The Bafta-winning screenwriter Jimmy McGovern has condemned the “immoral” Fixed Odds Betting Terminals (FOBTs) piling misery on some of the country’s poorest communities.
McGovern, whose upcoming BBC series Broken looks at poverty in a working-class community in Liverpool, said debts were mounting as a result of the digital gambling games inside bookmakers.
FOBT gamblers are currently able to bet up to £100 per spin on the machines, allowing players to pile up losses dramatically quickly.
Those machines are fixed to make sure you lose
“There is a need to act on Fixed Odds Betting Terminals in poverty-stricken areas,” said the writer of Cracker, Hillsborough and The Streets.
“There is no economic argument for those machines at all. Those machines are fixed to make sure you lose. They are immoral. They should not be on our high streets. The rate of suicide would also go down if you banned them. It would help hundreds of people, maybe thousands.”
Labour has pledged a crackdown on FOBTs, outlining a measure to reduce the maximum stake on the digital gaming machines to £2 in its general election manifesto.

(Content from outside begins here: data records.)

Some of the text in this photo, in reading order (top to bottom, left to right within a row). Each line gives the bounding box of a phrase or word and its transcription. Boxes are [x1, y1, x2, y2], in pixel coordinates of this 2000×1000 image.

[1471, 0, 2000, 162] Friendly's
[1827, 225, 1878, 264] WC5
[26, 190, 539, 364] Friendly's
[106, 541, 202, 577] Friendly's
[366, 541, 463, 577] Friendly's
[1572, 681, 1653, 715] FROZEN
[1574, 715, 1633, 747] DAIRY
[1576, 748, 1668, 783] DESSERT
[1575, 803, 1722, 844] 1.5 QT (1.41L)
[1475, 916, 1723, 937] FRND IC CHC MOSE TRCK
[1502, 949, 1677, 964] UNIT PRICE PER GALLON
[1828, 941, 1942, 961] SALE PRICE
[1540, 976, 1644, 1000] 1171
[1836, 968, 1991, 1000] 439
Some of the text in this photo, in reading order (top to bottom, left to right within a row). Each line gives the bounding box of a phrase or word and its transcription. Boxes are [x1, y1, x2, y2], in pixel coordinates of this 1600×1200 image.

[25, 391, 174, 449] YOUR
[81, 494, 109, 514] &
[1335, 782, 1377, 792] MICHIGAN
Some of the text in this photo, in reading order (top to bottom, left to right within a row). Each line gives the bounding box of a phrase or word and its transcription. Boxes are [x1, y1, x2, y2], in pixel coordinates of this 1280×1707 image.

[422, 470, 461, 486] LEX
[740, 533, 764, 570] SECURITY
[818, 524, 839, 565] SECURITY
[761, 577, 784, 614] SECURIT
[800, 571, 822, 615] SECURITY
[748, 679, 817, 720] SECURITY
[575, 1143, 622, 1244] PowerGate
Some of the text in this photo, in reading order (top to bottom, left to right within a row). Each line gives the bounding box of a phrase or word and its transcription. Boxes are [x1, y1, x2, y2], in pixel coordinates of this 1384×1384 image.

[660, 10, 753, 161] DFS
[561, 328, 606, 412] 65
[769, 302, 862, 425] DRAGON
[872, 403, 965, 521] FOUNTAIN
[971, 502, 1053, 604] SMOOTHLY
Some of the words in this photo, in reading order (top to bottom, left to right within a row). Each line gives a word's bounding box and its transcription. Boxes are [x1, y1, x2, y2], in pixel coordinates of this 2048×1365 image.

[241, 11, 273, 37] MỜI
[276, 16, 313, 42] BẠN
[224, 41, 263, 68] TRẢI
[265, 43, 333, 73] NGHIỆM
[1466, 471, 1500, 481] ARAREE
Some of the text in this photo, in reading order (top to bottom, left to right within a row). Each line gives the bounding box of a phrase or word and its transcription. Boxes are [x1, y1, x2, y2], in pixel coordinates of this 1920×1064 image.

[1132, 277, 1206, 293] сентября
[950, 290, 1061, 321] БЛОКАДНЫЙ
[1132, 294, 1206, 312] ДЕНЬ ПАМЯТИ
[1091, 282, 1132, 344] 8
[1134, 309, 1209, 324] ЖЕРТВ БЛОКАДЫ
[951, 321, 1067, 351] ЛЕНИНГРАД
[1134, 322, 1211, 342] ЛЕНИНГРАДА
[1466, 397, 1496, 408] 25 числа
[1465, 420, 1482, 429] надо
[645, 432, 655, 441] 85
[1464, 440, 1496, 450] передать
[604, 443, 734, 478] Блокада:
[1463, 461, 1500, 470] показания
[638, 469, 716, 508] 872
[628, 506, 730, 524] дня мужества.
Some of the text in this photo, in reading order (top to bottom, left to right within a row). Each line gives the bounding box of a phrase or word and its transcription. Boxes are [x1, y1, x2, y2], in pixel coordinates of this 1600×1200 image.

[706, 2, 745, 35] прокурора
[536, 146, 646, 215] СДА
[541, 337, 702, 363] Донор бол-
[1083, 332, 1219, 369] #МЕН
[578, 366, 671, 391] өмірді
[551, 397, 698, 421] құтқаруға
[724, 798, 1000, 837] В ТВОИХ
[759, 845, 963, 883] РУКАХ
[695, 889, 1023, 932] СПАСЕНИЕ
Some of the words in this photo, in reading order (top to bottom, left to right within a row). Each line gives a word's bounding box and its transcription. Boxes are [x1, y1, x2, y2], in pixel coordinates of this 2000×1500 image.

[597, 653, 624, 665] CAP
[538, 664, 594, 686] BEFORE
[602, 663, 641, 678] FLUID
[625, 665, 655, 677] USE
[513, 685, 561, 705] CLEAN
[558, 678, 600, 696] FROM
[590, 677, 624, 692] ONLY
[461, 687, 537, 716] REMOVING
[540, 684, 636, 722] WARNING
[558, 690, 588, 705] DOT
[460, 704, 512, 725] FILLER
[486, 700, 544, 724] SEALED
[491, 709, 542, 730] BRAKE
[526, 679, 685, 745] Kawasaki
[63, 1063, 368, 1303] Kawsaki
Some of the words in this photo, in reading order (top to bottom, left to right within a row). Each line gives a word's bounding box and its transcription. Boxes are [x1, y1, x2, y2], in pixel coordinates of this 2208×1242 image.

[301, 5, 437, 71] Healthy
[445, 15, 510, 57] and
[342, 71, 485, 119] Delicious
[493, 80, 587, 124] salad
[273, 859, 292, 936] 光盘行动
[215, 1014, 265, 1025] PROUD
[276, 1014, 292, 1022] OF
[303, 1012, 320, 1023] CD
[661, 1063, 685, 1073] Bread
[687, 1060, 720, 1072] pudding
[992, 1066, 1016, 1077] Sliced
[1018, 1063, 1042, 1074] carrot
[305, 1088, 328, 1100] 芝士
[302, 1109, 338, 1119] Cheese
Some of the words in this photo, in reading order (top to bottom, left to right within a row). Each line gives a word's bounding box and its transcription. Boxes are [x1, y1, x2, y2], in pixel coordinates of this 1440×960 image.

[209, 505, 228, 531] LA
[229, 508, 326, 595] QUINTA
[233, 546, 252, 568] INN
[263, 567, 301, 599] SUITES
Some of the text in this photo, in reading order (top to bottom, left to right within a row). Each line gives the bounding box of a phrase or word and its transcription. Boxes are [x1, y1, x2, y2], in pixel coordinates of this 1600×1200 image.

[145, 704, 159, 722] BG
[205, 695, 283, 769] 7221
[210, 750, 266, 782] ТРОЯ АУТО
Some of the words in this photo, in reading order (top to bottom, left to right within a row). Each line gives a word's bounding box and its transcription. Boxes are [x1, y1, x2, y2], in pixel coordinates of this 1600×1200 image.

The rate of suicide would also go down if you banned them
The Campaign for Fairer Gambling has found £470m is being lost to FOBTs each year in the country’s 55 most deprived boroughs.
And the right-leaning think tank Respublica has urged Theresa May’s party to follow Labour’s leader and restrict the impact of the machines.
“Self-regulation has failed; we are making the conservative case for a much lower limit to secure family life and promote prosperity,” said director Phillip Blond.